* **Assigned task**: Restate all of the entries exactly. Any picture in them should be skipped.

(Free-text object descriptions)
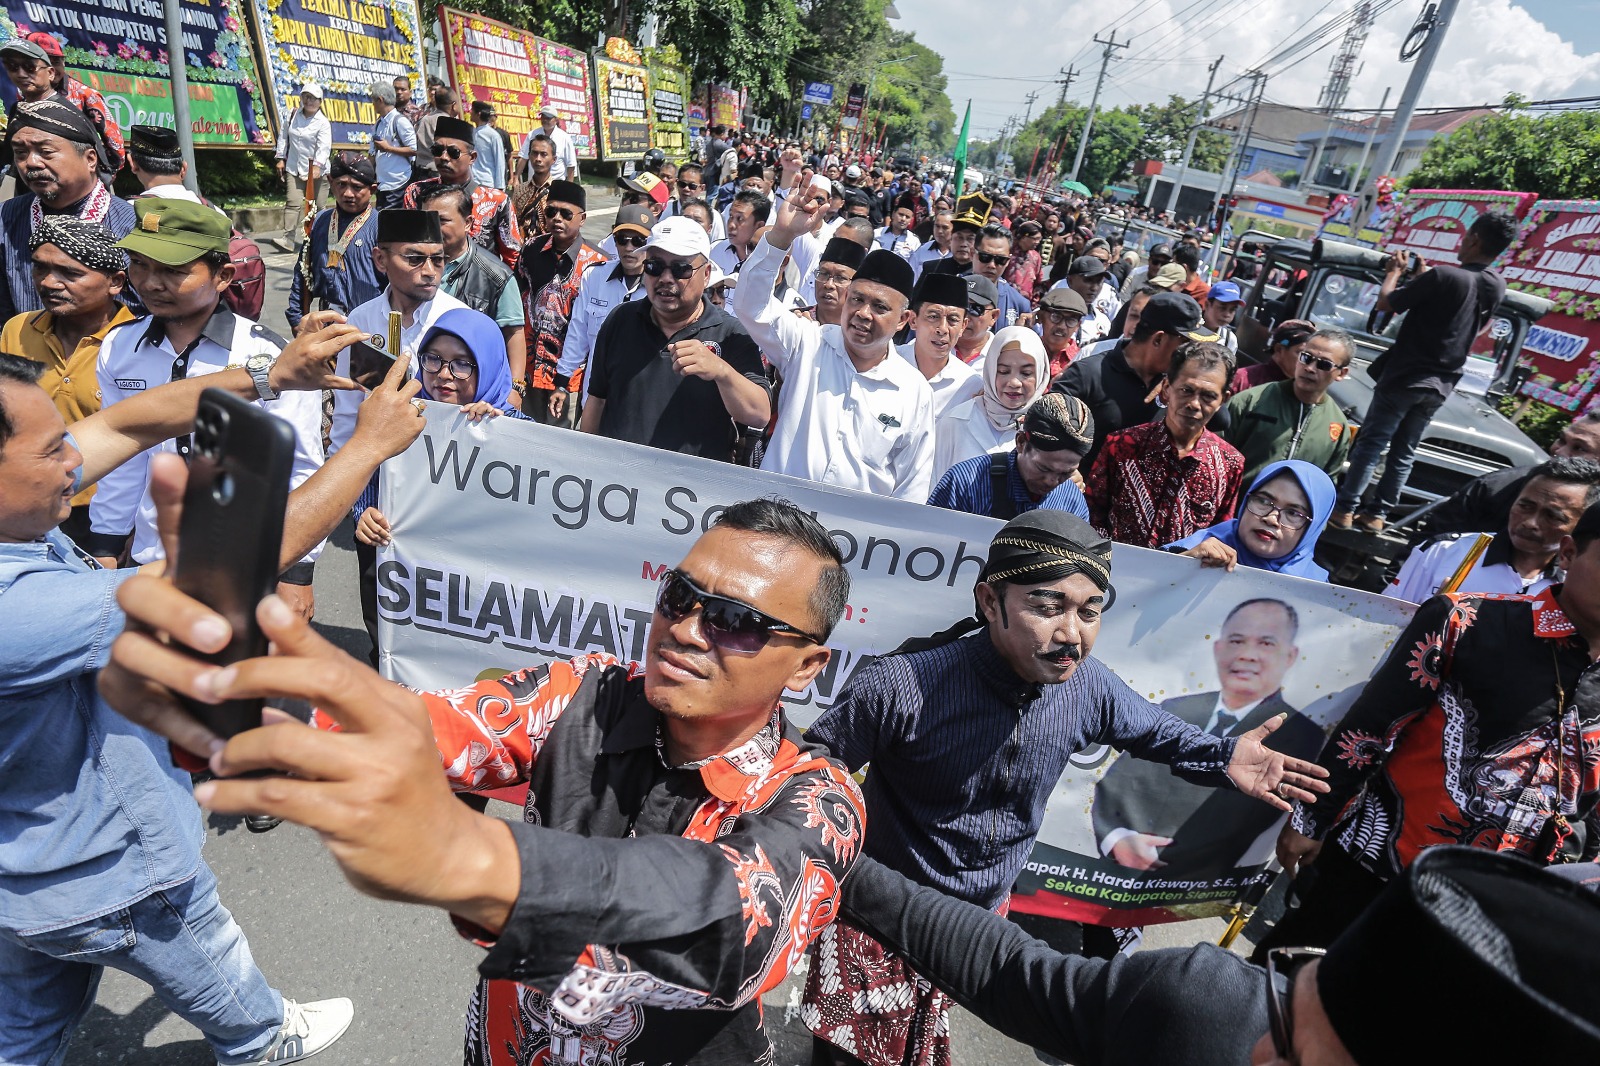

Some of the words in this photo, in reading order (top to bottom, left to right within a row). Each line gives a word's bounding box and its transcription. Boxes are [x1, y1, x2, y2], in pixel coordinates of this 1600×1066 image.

[24, 1, 82, 30] UNTUK
[82, 12, 156, 43] KABUPATEN
[157, 27, 203, 50] SMAN
[328, 16, 365, 34] KEPADA
[350, 1, 387, 28] KASIH
[290, 45, 309, 60] ATAS
[309, 48, 344, 67] DEDIKASI
[343, 54, 358, 69] DAN
[809, 82, 831, 93] ATM
[192, 116, 242, 141] atering
[423, 434, 639, 530] Warga
[1045, 878, 1098, 897] Sekda
[1099, 888, 1182, 904] Kabupaten
[1185, 890, 1237, 900] Sleman
[1072, 867, 1089, 880] H.
[1092, 871, 1144, 889] Harda
[1145, 879, 1210, 891] Kiswaya,
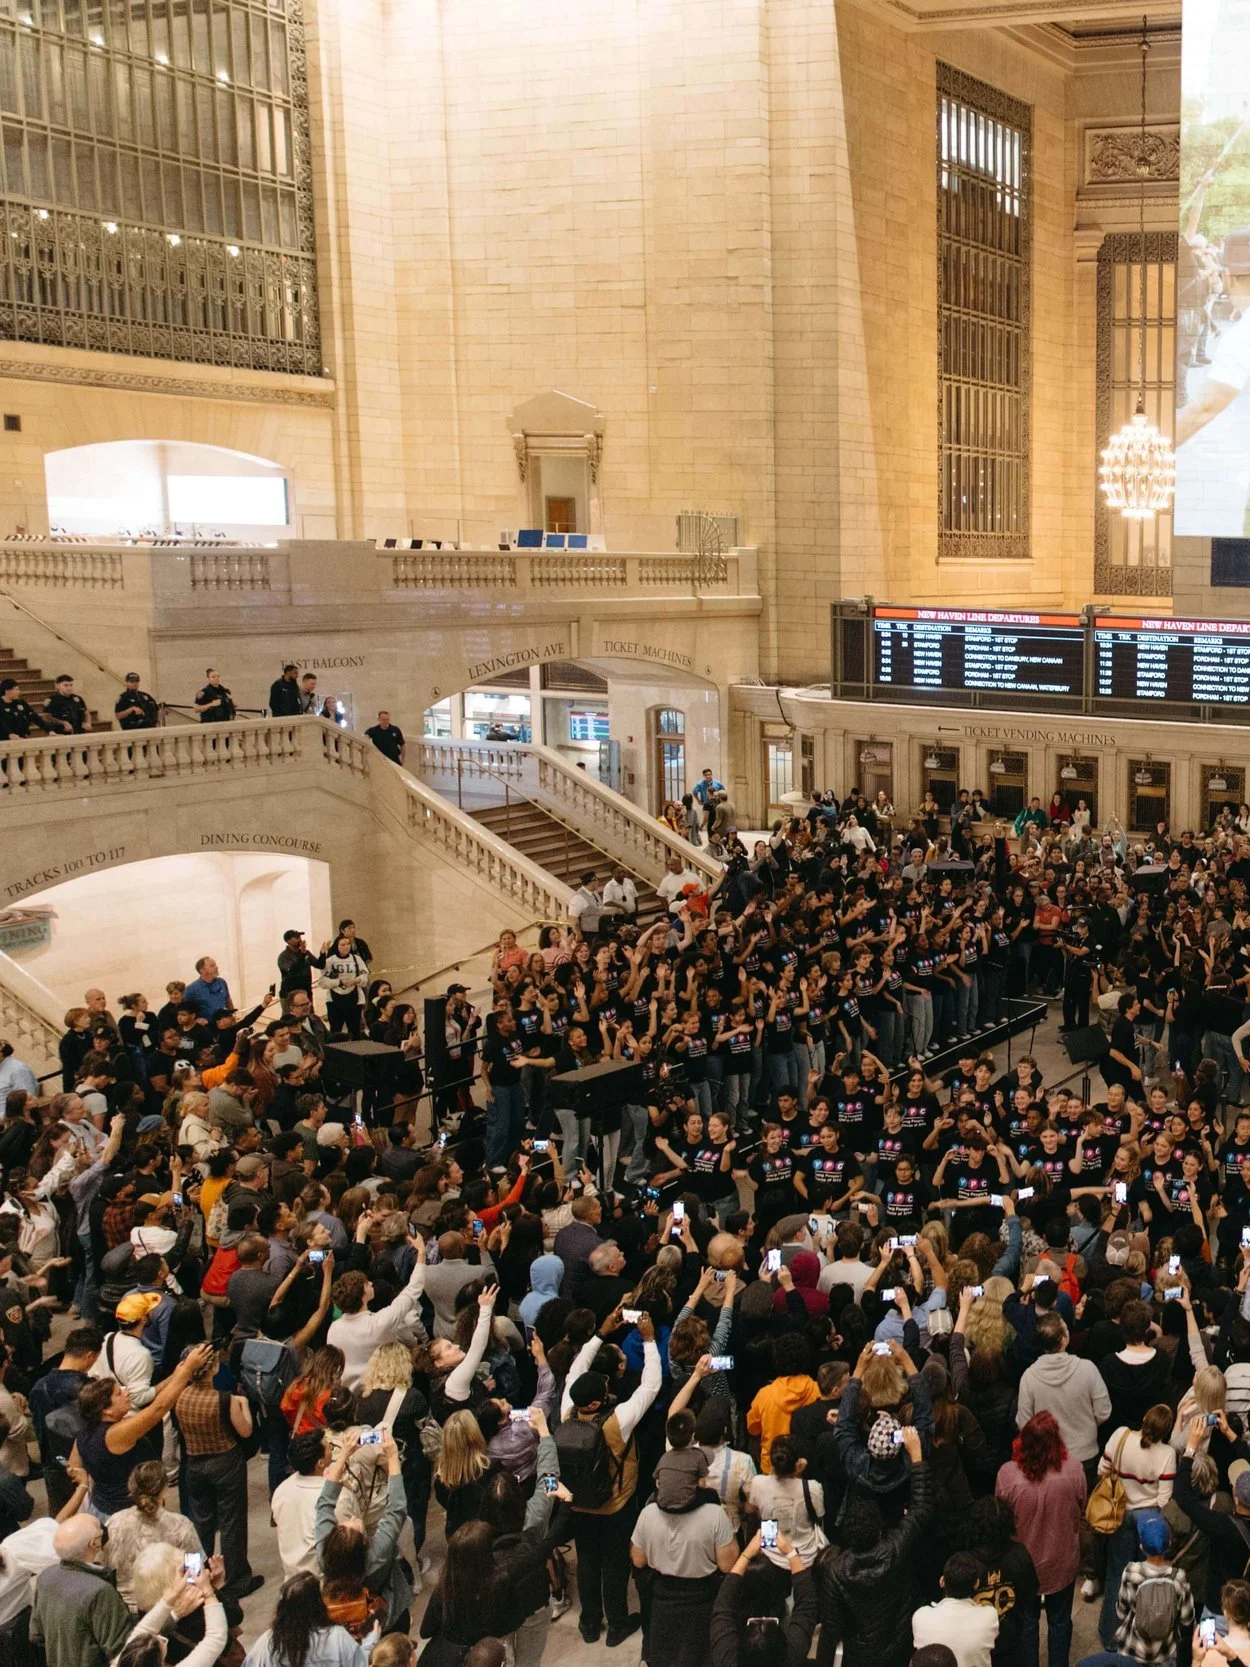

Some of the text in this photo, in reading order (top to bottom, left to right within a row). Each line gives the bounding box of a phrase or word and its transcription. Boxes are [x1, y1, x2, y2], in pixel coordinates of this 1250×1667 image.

[918, 610, 1040, 623] NEW HAVEN LINE DEPARTURES
[1164, 621, 1194, 631] HAVEN
[1196, 623, 1217, 632] LINE
[281, 655, 367, 670] EAST BALCONY
[468, 642, 565, 680] LEXINGTON AVE
[603, 640, 693, 667] TICKET MACHINES
[962, 726, 1116, 745] TICKET VENDING MACHINES
[200, 834, 322, 853] DINING CONCOURSE
[4, 847, 126, 897] TRACKS 100 TO 117

* **Exercise result**:
Some of the words in this photo, in reading order (top to bottom, left to right within a row). Each line gives a word's bounding box and its transcription. Boxes are [x1, y1, x2, y2], in pixel coordinates of this 1600×1066 image.

[24, 1, 82, 30] UNTUK
[82, 12, 156, 43] KABUPATEN
[157, 27, 203, 50] SMAN
[328, 16, 365, 34] KEPADA
[350, 1, 387, 28] KASIH
[290, 45, 309, 60] ATAS
[309, 48, 344, 67] DEDIKASI
[343, 54, 358, 69] DAN
[809, 82, 831, 93] ATM
[192, 116, 242, 141] atering
[423, 434, 639, 530] Warga
[1045, 878, 1098, 897] Sekda
[1099, 888, 1182, 904] Kabupaten
[1185, 890, 1237, 900] Sleman
[1072, 867, 1089, 880] H.
[1092, 871, 1144, 889] Harda
[1145, 879, 1210, 891] Kiswaya,

Some of the text in this photo, in reading order (top to bottom, left to right within a row). Each line gives the bounding box of a phrase or word and its transcription. Boxes are [x1, y1, x2, y2], in pixel coordinates of this 1250×1667 image.

[918, 610, 1040, 623] NEW HAVEN LINE DEPARTURES
[1164, 621, 1194, 631] HAVEN
[1196, 623, 1217, 632] LINE
[281, 655, 367, 670] EAST BALCONY
[468, 642, 565, 680] LEXINGTON AVE
[603, 640, 693, 667] TICKET MACHINES
[962, 726, 1116, 745] TICKET VENDING MACHINES
[200, 834, 322, 853] DINING CONCOURSE
[4, 847, 126, 897] TRACKS 100 TO 117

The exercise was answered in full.